Para que o Brasil absorva os estudantes que concluem a educação básica e cubra o déficit de profissionais especializados no mercado, é preciso que a oferta de vagas no ensino superior triplique. Especialistas que vão participar da Conferência Nacional de Educação (Conae), em Brasília, apontam a ampliação das vagas, o controle da qualidade e a melhoria da educação básica como os principais desafios para o ensino superior.

Marina Morena Costa, iG São Paulo |

Em 2008, segundo o último censo escolar do Ministério da Educação, 5 milhões de estudantes estavam matriculados em faculdades e universidades. Para Paulo Barone, doutor em Física e presidente da Câmara de Educação Superior do Conselho Nacional de Educação (CNE), este número deveria chegar a 15 milhões.

Marina Morena Costa   
Oferta de vagas precisa triplicar
Nós temos um contingente de pessoas graduadas no Brasil muito pequeno que alcança possivelmente 11 milhões de pessoas, e apenas 5 milhões na graduação. Isso projeta uma quantidade de pessoas insuficiente para dar conta dos desafios econômicos e do desenvolvimento do País, enfatiza Barone.

Democratizar e expandir a oferta de educação superior, sobretudo da educação pública, sem descurar dos parâmetros de qualidade acadêmica é um dos pontos que será debatido e destrinchado em metas durante a Conae. A Conferência irá elaborar um documento no qual o Congresso Nacional irá se basear para redigir e aprovar o próximo Plano Nacional de Educação (PNE) ¿ que vigorará entre 2011 e 2020.

A democratização e a expansão só serão alcançadas, na avaliação de Barone, com a melhora da educação básica. A cada dez crianças que se matriculam na educação básica, apenas três terminam o ensino médio. Essa perda reduz a oportunidade para que os estudantes possam ingressar no ensino superior, argumenta.

A presidente do CNE, Clélia Brandão, concorda com a avaliação do professor: Precisamos entender que existe uma íntima relação entre educação básica e educação superior. De acordo com Clélia, a demanda frágil na educação superior é reflexo direto da alta evasão escolar e das deficiências do ensino médio, que não tem conseguido fazer com que os jovens concluam a etapa de forma adequada.

Segundo Clélia, o problema do ensino superior tem raízes mais profundas. A universalização da educação básica é condição para a democratização do acesso à educação superior. Precisa haver um diálogo cada vez mais estreito entre as duas etapas, afirma.

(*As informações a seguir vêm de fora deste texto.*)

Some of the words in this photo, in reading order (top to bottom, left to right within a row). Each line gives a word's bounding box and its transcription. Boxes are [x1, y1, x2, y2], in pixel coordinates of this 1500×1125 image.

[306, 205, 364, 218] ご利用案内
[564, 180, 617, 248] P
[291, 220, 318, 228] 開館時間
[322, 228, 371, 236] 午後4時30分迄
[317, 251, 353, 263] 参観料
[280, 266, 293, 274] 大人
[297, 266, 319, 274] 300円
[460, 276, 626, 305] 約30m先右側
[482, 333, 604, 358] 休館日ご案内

Outros desafios apontados pelos membros do conselho são a ampliação dos recursos (em 2008 a educação superior recebeu 0,7% do PIB) e a fiscalização da qualidade. Uma boa parte do investimento deve ser público. Também podemos receber recursos em forma de programas e financiamentos como o ProUni (Programa Universidade Para Todos, que concede bolsas de estudo à estudantes de baixa renda), destaca Barone.

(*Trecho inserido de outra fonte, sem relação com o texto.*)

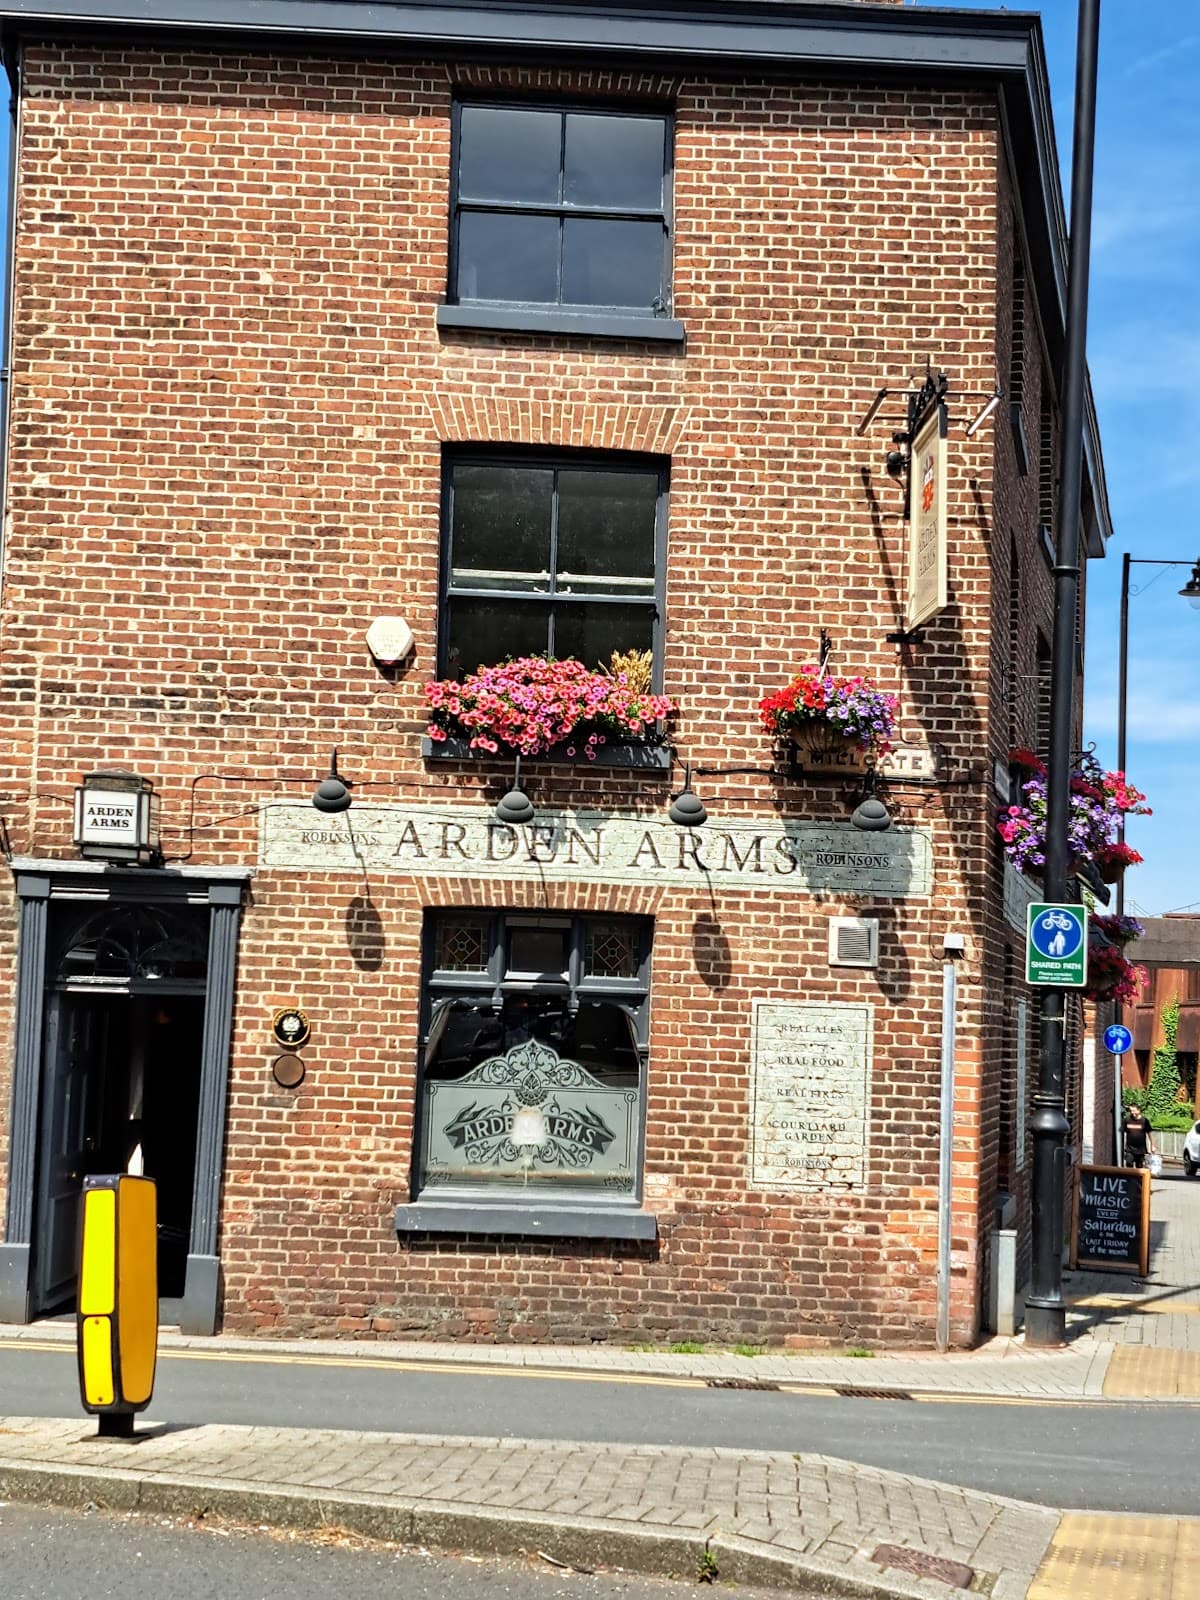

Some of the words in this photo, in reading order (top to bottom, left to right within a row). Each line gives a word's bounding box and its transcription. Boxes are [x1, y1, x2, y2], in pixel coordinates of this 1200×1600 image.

Quanto à qualidade, o professor avalia que a regulação deve ser apertada: É preciso refinar a qualidade. As avaliações têm que ser intensificadas e as políticas de regulação precisam inibir práticas de má qualidade e estimular as boas práticas.

Metas

O atual PNE, que vigora até o fim deste ano, tinha como meta ter 30% da população de jovens entre 18 e 24 anos no ensino superior. Estamos um pouco abaixo da metade desse número, considerando instituições públicas e privadas, diz Barone. Segundo o professor há uma proposta de ampliar a meta para 40% no próximo plano. Se considerarmos padrões internacionais, teríamos de ter uma meta ainda maior, diz.